My research topic is related to the Taiwanese aboriginal culture, yet I use snails as our cultural representation, which could be confusing to some. Why not employ exoticism to satisfy the direct cultural imagination of the popular masses and celebrate the superficial retro style, yet chose an undeserving species? The base of Bourdieu’s sociology theory, after all, is still a Western-centric way of engaging these issues. I would like to borrow his framework to consider the ordinary yet precious in our daily lives. Looking back and forward to further realize the possibility of extracting traditional value. I hope not only by considering the various ethnic groups to reinforces the fact that Taiwan is an abundant land with mixed cultural diversity and through highlighting the omnivorous snail to produce a deeper cultural narrative. The spiral gastropod shell of the snails encompass polysemous symbolism; the contingency of their movements is not selective, but organic, in thinking the circularity of the life cycle of living forms, while reflecting on what kind of history we want to leave behind. The snail series engages traditional dishes with modern interpretation; and through collaboration, distribution, exchange and idea dissemination to subvert the existing framework of different classes of taste, in order to find a symbiotic coexistence ideal.

Footnote
[1] Shimojo Kumaichi (1891-?), Tokyoite, alumni of Tokyo Imperial University, professor at Kanazawa University. He was a professor at Taipei Imperial University, technician at the Sector of Health, Department of Police Affair, Formosan Government, Dean of Taiwan Tropical Studies. See Shimojo Kumaichi, the website of Tokyo CIty Tama Cemetery. (2019/1/15 retrieved)

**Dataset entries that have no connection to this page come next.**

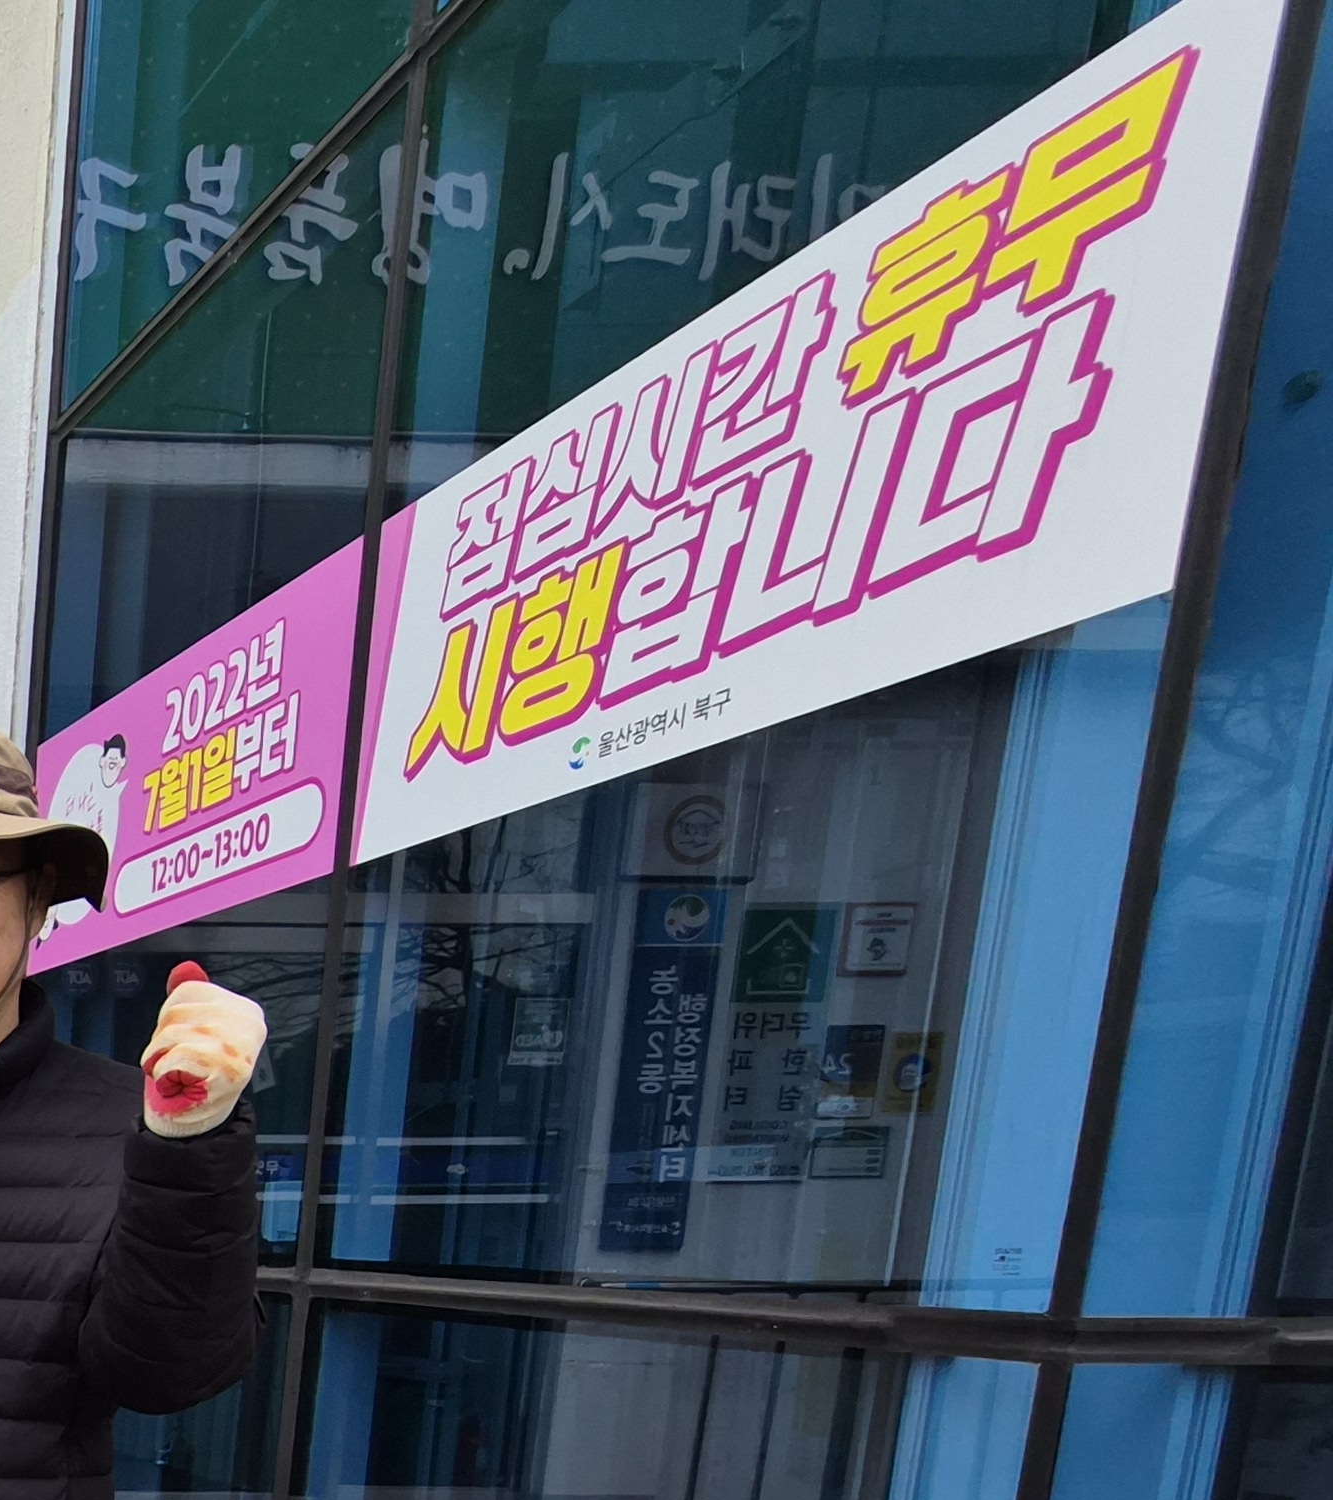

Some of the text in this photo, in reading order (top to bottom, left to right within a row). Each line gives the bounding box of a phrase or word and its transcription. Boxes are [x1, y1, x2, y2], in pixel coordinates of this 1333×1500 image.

[440, 44, 1200, 622] 점심시간 휴무
[403, 290, 1115, 781] 시행합니다
[161, 617, 287, 756] 2022년
[597, 687, 732, 759] 울산광역시 북구
[141, 689, 301, 836] 7월1일부터
[150, 812, 271, 894] 12:00~13:00

[2] See Yao-I Chu, 《臺灣昆蟲學史話(1684~1945) (Insects into Focus: Entomology in Taiwan, 1684-1945)》, 2005, Taipei: Taiwan Interminds Publishing, p304-p307.

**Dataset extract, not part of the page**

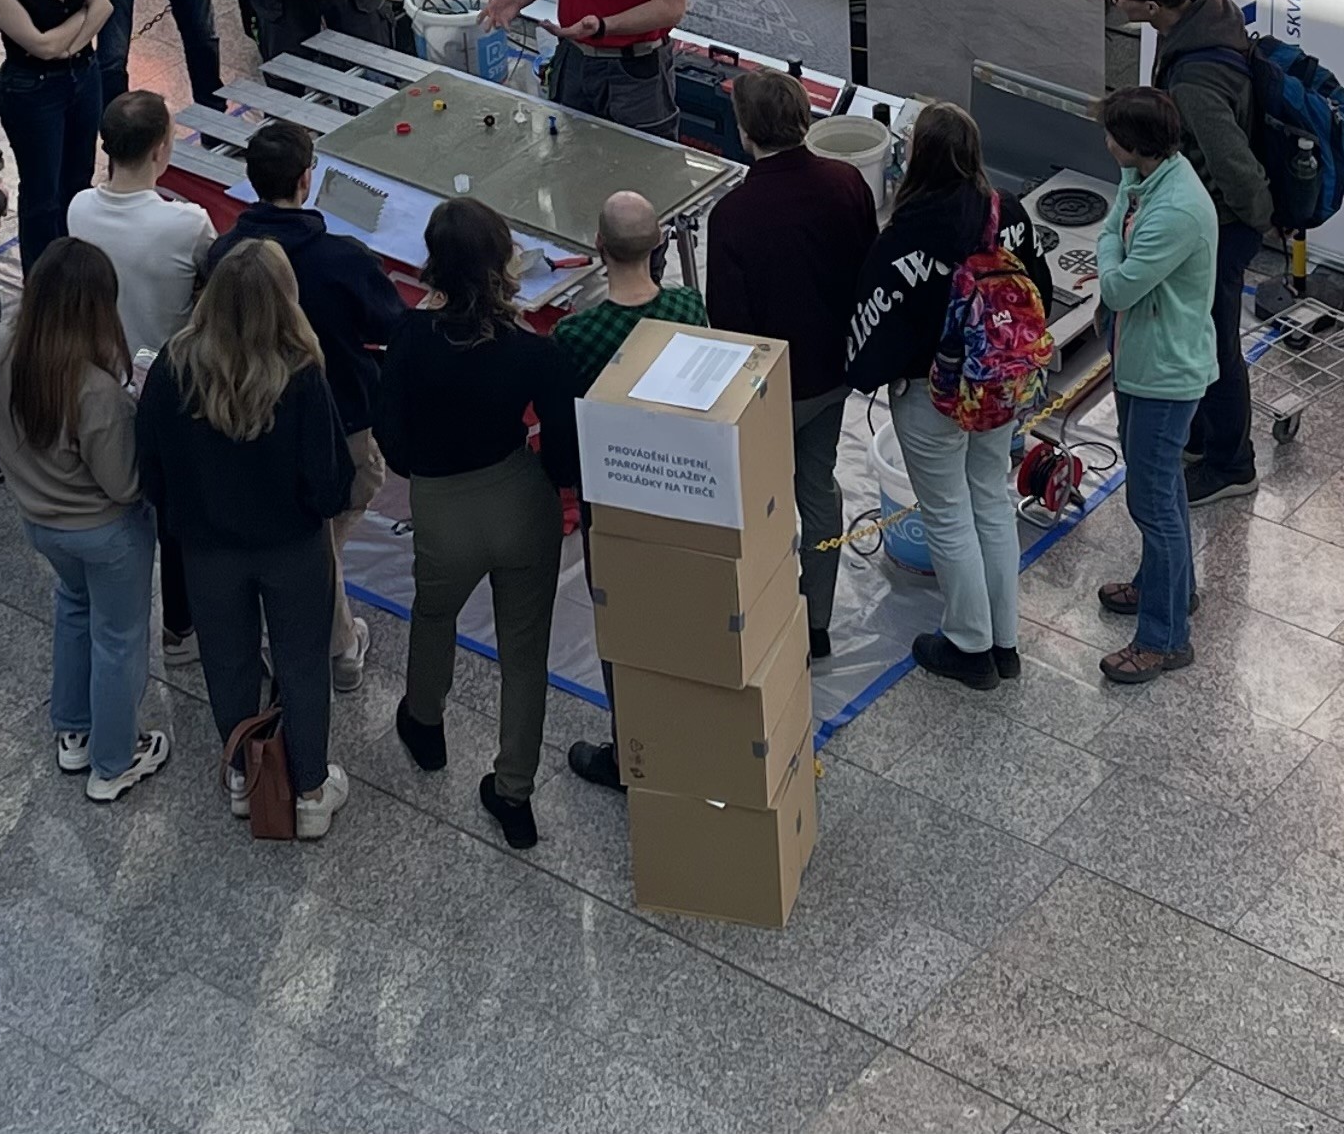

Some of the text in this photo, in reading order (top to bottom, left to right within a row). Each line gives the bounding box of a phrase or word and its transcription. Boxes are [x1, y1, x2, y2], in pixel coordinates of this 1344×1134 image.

[607, 443, 670, 463] PROVÁDĚNÍ
[604, 457, 717, 486] SPAROVÁNÍ DLAŽBY A
[607, 471, 715, 499] POKLÁDKY NA TERČE

[3] Achatina Fulica is the host of parasite Angiostrongylus cantonensis, hence they need to be cooked to well-done (before consume), or one might risk life with infected Eosinophilic meningitis.
[4] “Snails Without Shells” housing movement, also known as Urban housing movement, had lasted from 1989 to 2014 in Taiwan because of soaring housing prices. Homeless United Organization had pulled a crowd of nearly 50,000 people to stay overnight on Zhongxiao E. Rd. See "1989~2014 Urban housing movement", Graduate Institute of Building and Planning, NTU. (2019/3/1 retrieved)
[5] Patrice Bonnewitz, trans. Sung Chih-chi, Premieres lecons sur La sociologie de Pierre Bourdieu(布赫迪厄社會學的第一課), Taipei: 麥田, p27.
[6] Ibid., p50.
[7] Ibid., p13.
[8] Ibid., p100.
[9] Between Aug 6, 2009, and Aug 10, 2009, Typhoon Morakot had brought about unprecedented rainfall and flooding across Taiwan. The incidents surrounding Typhoon Morakot are known as the Eight-Eight Flood (八八水災). Typhoon Morakot is most remembered for the destruction of Siaolin Village in Jiasian, Kaohsiung. According to the government, 681 people died and 18 people went missing due to the typhoon.
[10] ”邱志傑評黃永砯:藝術可以有方向嗎?“, REAR01.COM (2019/1/4).
[11] Hoo Fan Chon, ”Hoo Fan Chon: How to cook Asam Laksa with Tilapia", No Man's Land.
[12] See Chiu Tien Chu, 2002,《布爾迪厄文化再製理論 (Cultural Reproduction of Pierre Bourdieu)》, Taipei: Laureate Publishing, p148.
[13] See: Patrice Bonnewitz, trans. Sung Chih-chi, Premieres lecons sur La sociologie de Pierre Bourdieu, pp141-142.